From this it would appear that if you cut the building at the ridge line to get a monoslope roof then Kc would not apply to that either, even though we now have the full roof. The labelling in Figure 5.2 would seem to support this interpretation.

What about a roof pitch of less than 10 degrees, where the ridge has no effect, and you don't have upwind and downwind slopes? Should Kc be applied? Again it seems to me that it should not.

RE: AS1170.2 Combination Factor for Roof

Depend on whether you have internal pressure above 0.2, but assuming less than 0.2, I would say Kc = 1.00 for all the cases including a truss Table 5.5 (e) supports my interpretation.

http://www.nceng.com.au/
"Programming today is a race between software engineers striving to build bigger and better idiot-proof programs, and the Universe trying to produce bigger and better idiots. So far, the Universe is winning."

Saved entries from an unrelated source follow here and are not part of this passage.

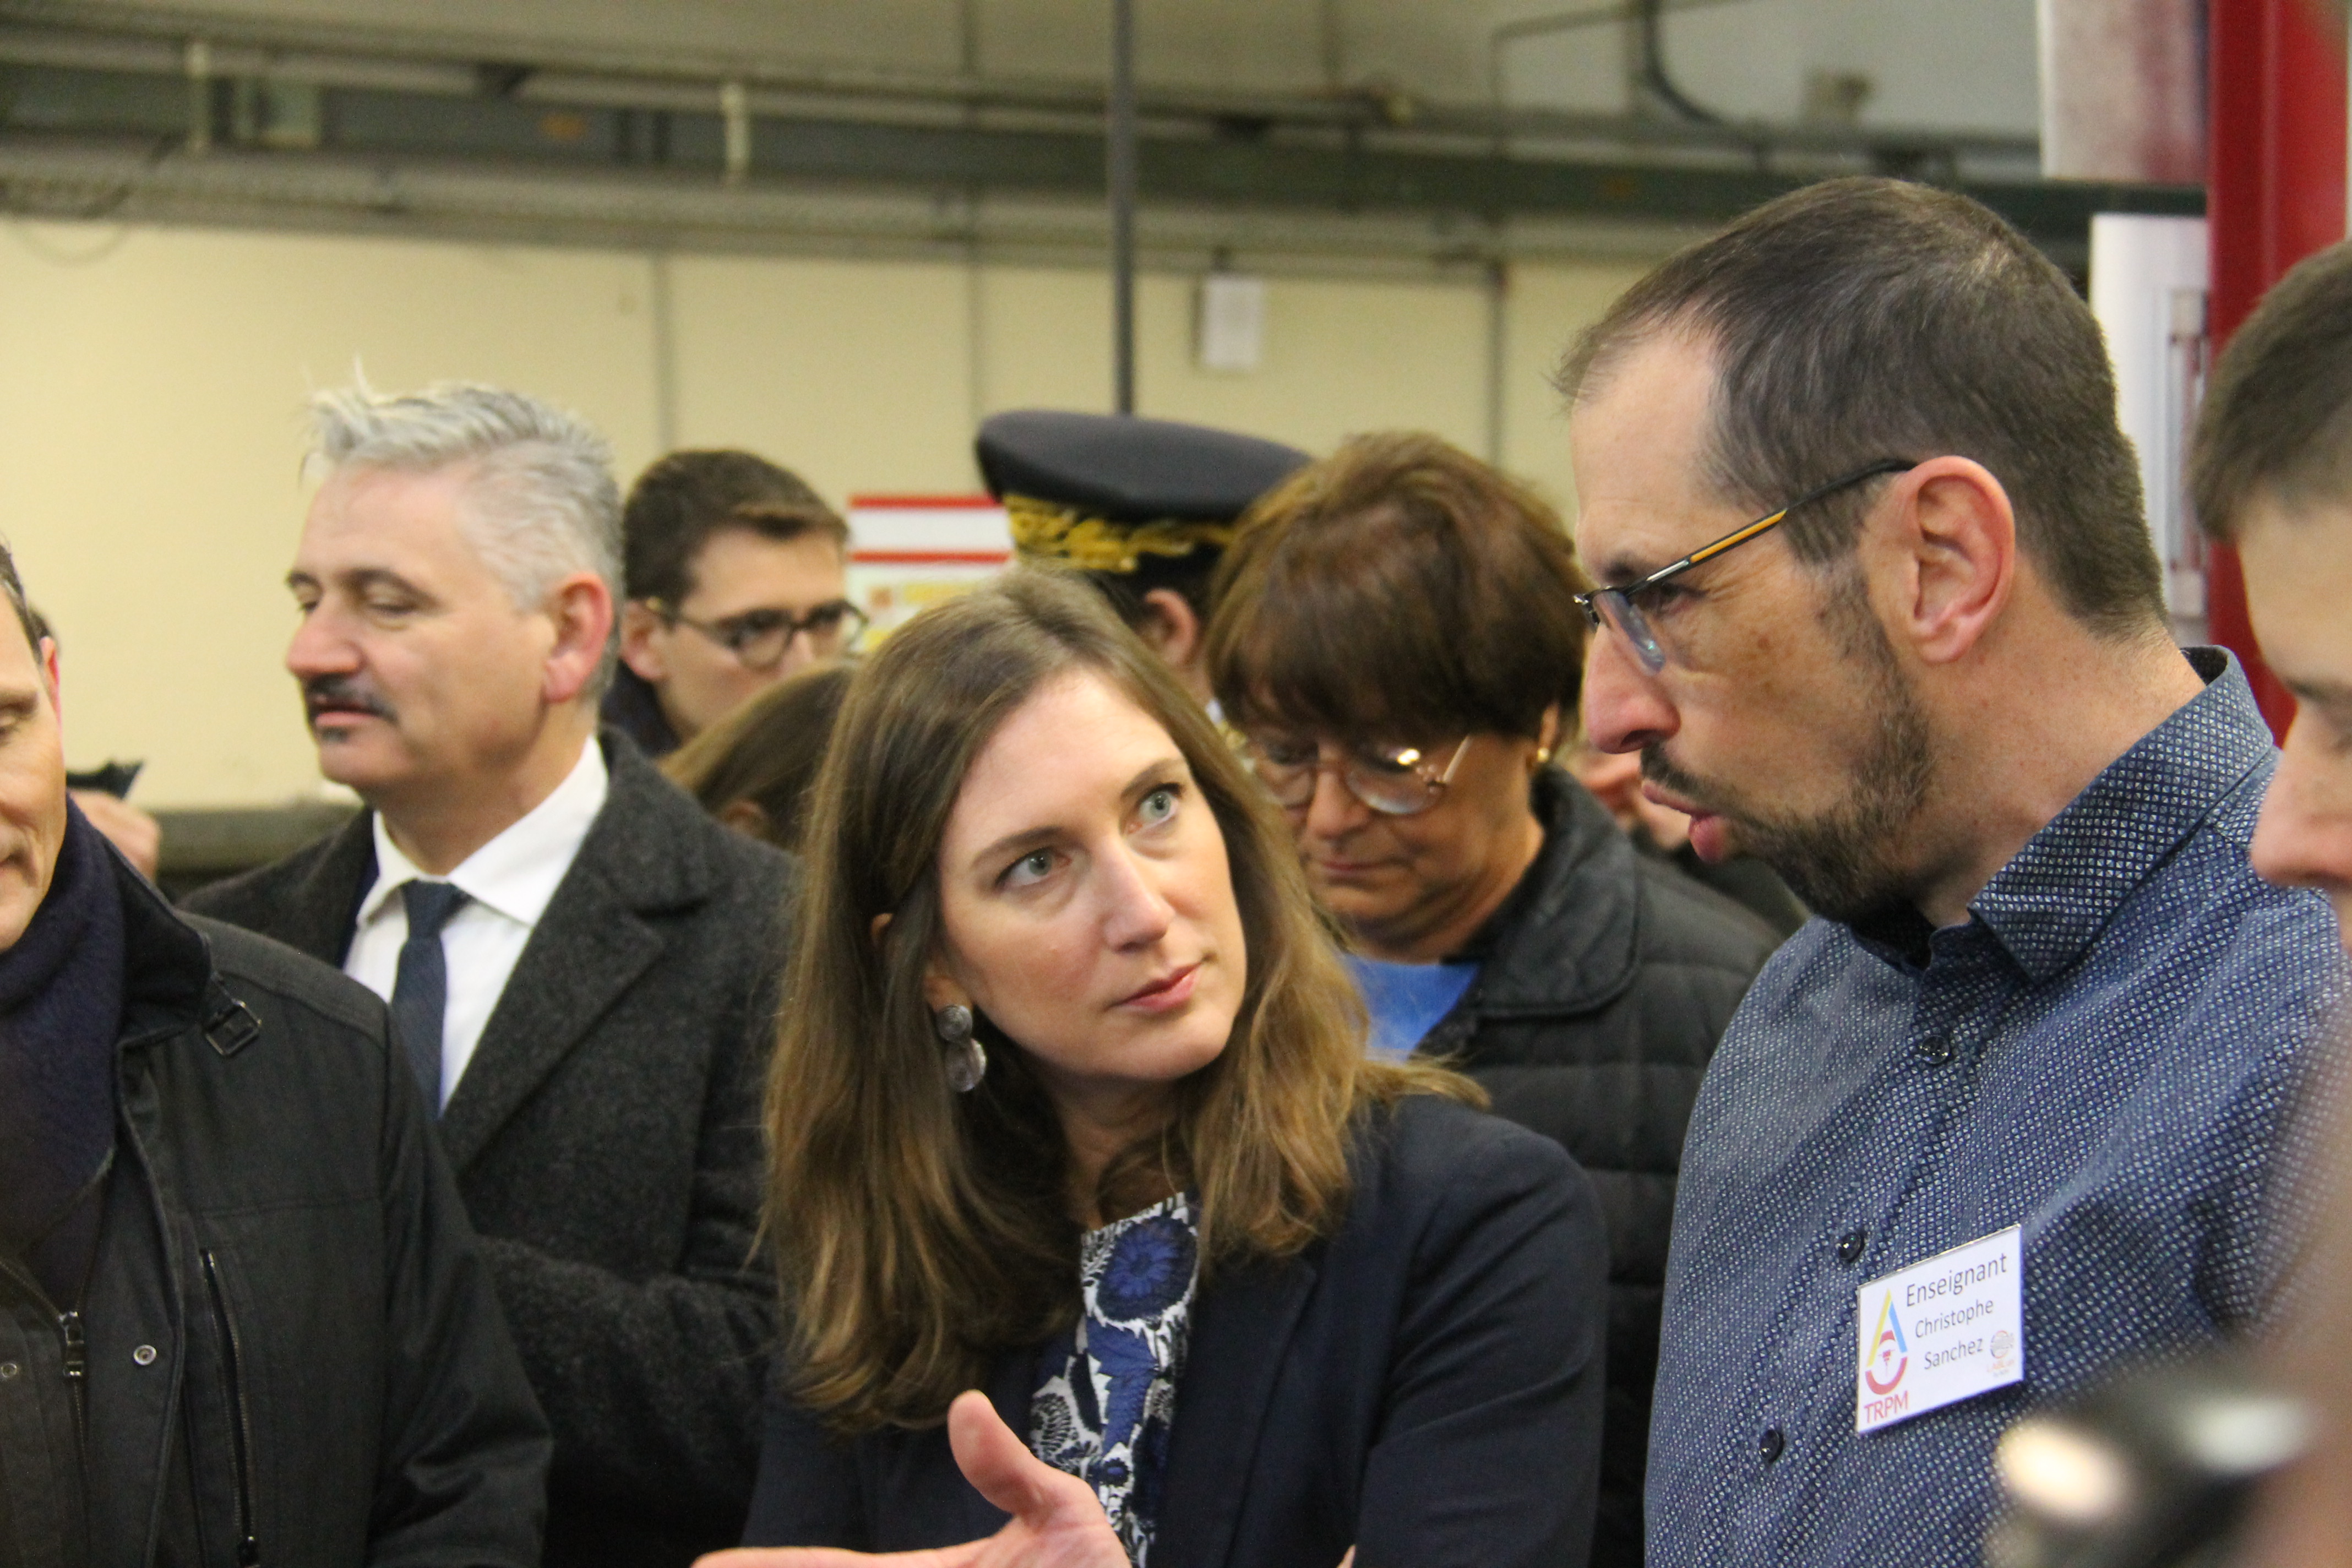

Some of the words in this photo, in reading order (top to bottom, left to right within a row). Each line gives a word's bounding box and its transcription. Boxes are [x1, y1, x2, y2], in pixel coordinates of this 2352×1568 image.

[1907, 1253, 2007, 1306] Enseignant
[1915, 1300, 1993, 1338] Christophe
[1924, 1338, 1983, 1370] Sanchez
[1864, 1391, 1909, 1423] TRPM
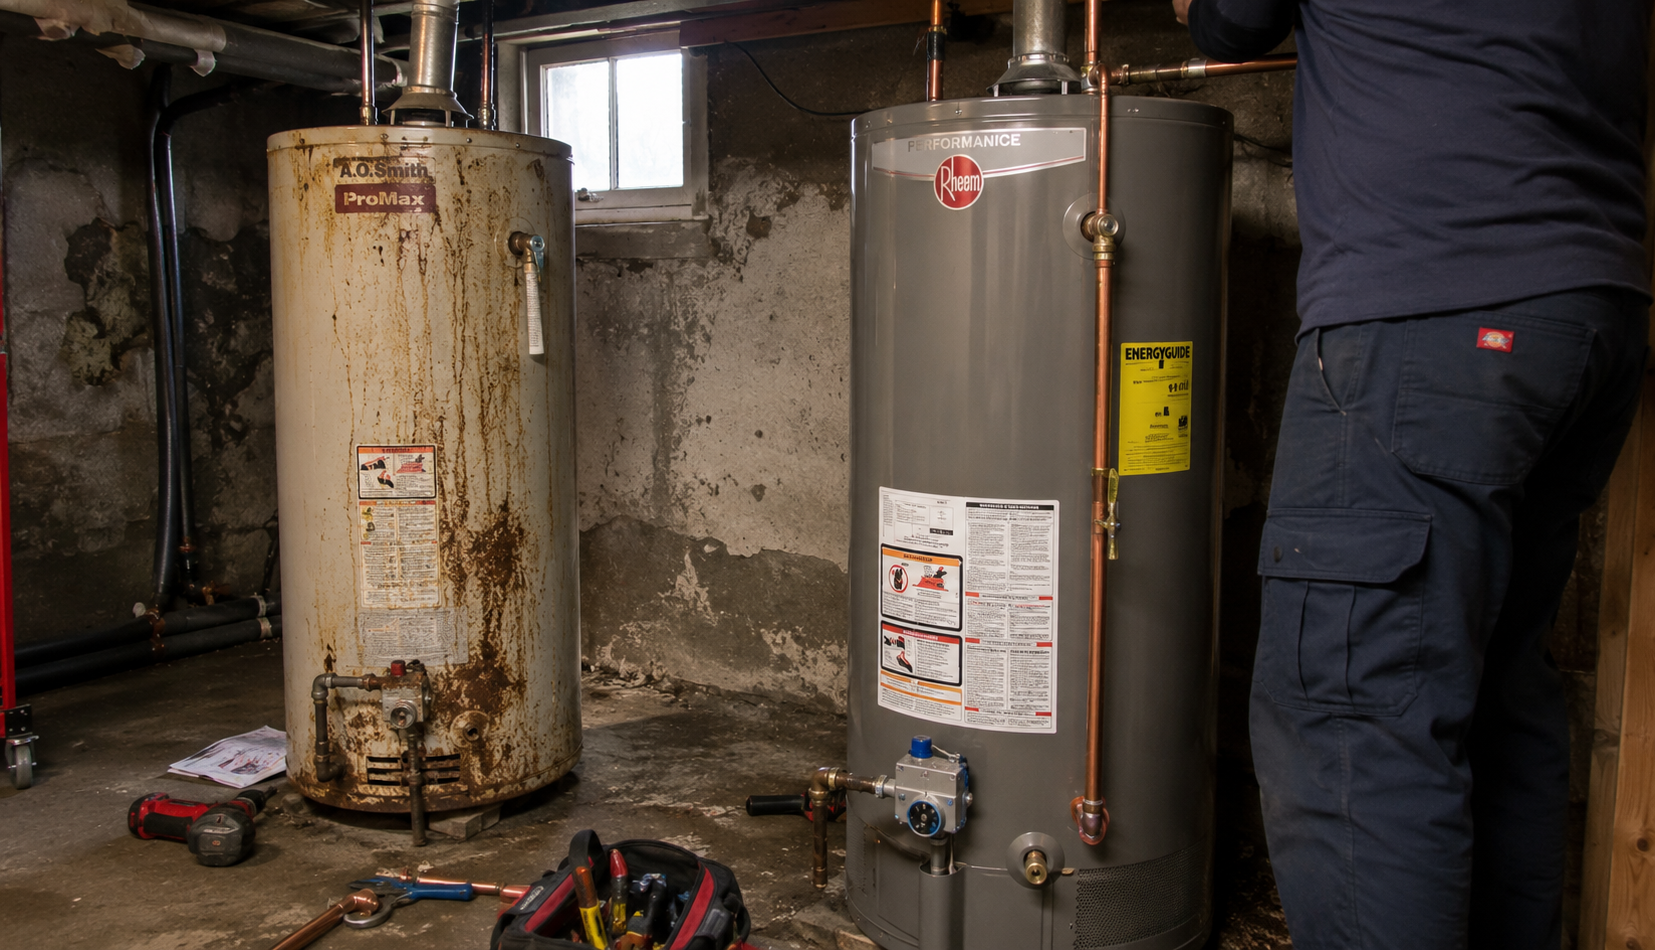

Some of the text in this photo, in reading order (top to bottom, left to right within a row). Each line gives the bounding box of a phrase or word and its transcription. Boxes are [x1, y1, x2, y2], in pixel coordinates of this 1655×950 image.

RE: AS1170.2 Combination Factor for Roof

(OP)
@rowingengineer
Table 5.5(f) shows Kc,e=Kc,i=0.9 for 2 effective surfaces, Roof pressures in combination with internal pressures.

RE: AS1170.2 Combination Factor for Roof

Within an internal pressure coefficient of greater than +0.2, if the internal pressure coeff is less than 0.2 refer to (e) Hence we need to know if you talking about with or without internal pressure coefficients greater than +0.2.

Page 35 1'st paragraph last sentence explains this as to what can be considered an effective surface.

http://www.nceng.com.au/
"Programming today is a race between software engineers striving to build bigger and better idiot-proof programs, and the Universe trying to produce bigger and better idiots. So far, the Universe is winning."